The Ontological Argument: Invalid, basically it's just wordplay.
  1. Nothing greater than God can be conceived (this is stipulated as part of the definition of “God”).
  2. It is greater to exist than not to exist.
  3. If we conceive of God as not existing, then we can conceive of some-thing greater than God (from 2).
  4. To conceive of God as not existing is not to conceive of God (from 1 and 3).
  5. It is inconceivable that God not exist (from 4).
  6. God exists.
"Greater" is a value judgement that can vary from person to person, which is problematic to this argument. However, the real problem is that the argument works for any concept that includes the linguistic trick of including "must exist" in it's definition. For example, if one said the Fly Spaghetti Monster exists, by definition, then it exists. Somehow I doubt many Christian apologists would accept that definition. Nor should they, because existence isn't a property one can prescribe conceptually. Neither is "greatness" for that matter.

The Argument from Moral Truth. Invalid for a variety of reasons.
  1. There exist objective moral truths. (Slavery and torture and genocide are not just distasteful to us, but are actually wrong.)
  2. These objective moral truths are not grounded in the way the world is but, rather, in the way the world ought to be.
  3. The world itself—the way it is, the laws of science that explain why it is that way—cannot account for the way the world ought to be.
  4. The only way to account for morality is that God established morality (from 2 and 3).
  5. God exists.
I don’t know if this is the worst argument for God in my book, but it is certainly the worst of those still popular in the apologetic community.

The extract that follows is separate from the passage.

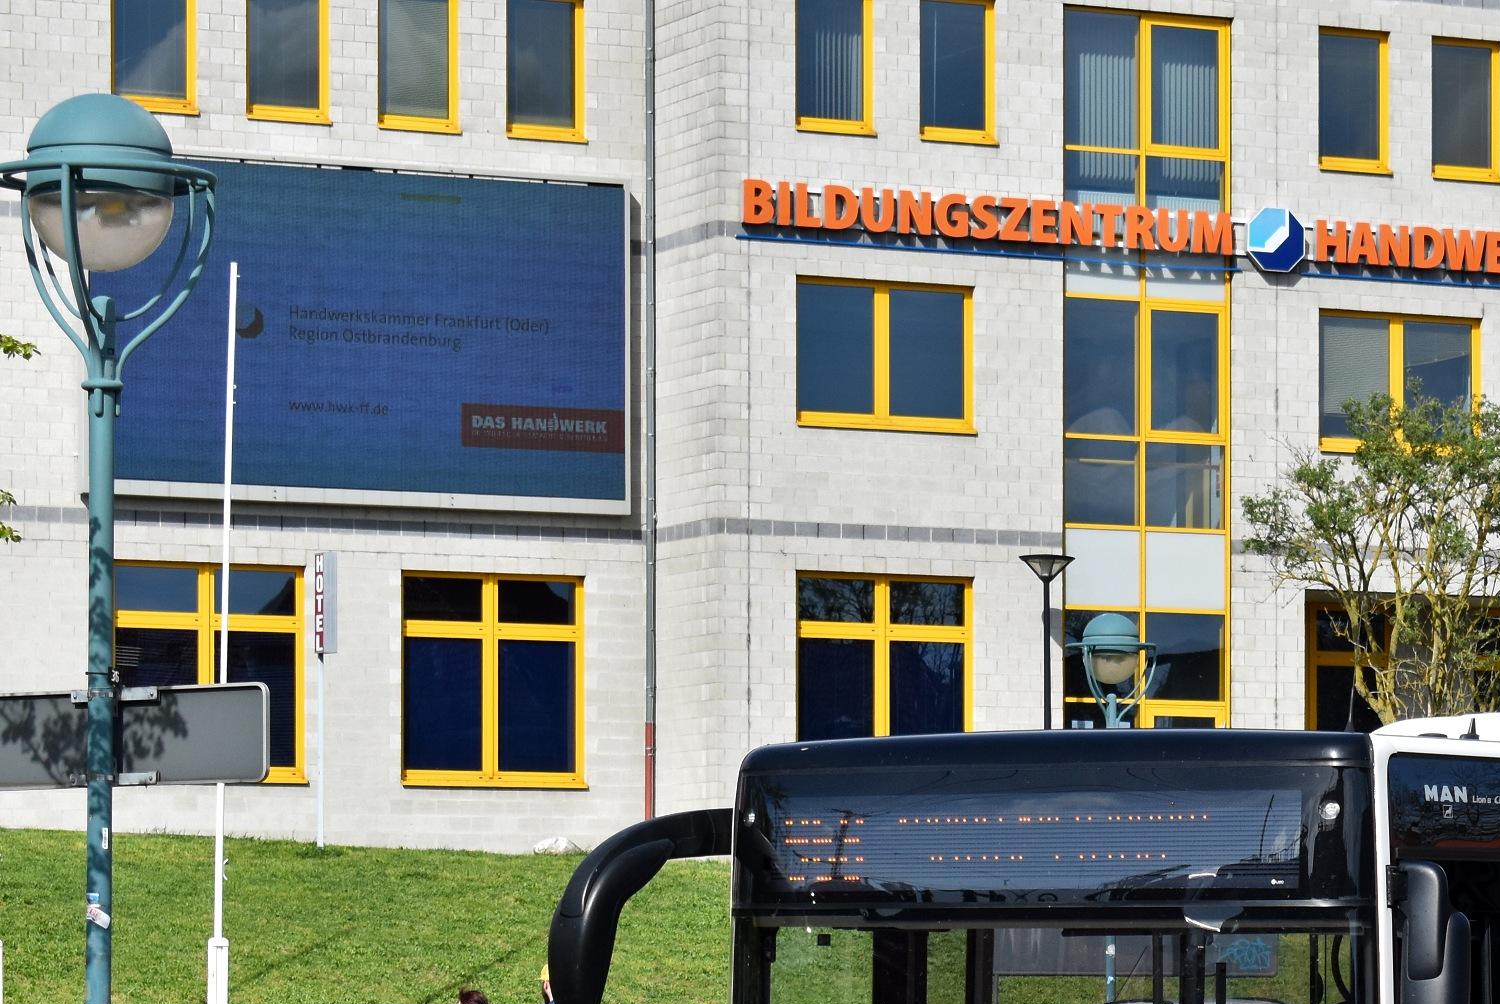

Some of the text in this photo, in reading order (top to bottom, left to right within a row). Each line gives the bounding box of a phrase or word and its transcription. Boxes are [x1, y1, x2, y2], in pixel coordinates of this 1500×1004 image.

Why? Because it has so many points of failure. There is Euthyphro’ Dilemma that shows that God is a redundant factor if objective morality is valid. There is the impossibility of ascertaining exactly what the objective morals are if they exist, unless. of course, they are defined by humans in relation to social interactions which would discount a need of a supernatural law giver. There is the question if morality is objective at all (I see morality as a broad concept including the possibility for a variety of moral codes--which may be applied objectively but are hardly transcendent.) There is evolutionary biology that suggests moral instincts are selected traits which are passed down genetically. I feel apologists over estimate the argument’s power because the opposition can seem scatter brained when refuting it because the number of ways to refute it makes one’s mind spin out. That, and it’s the one argument that allows them to both claim there is a god and take the moral high ground in one fallacious move.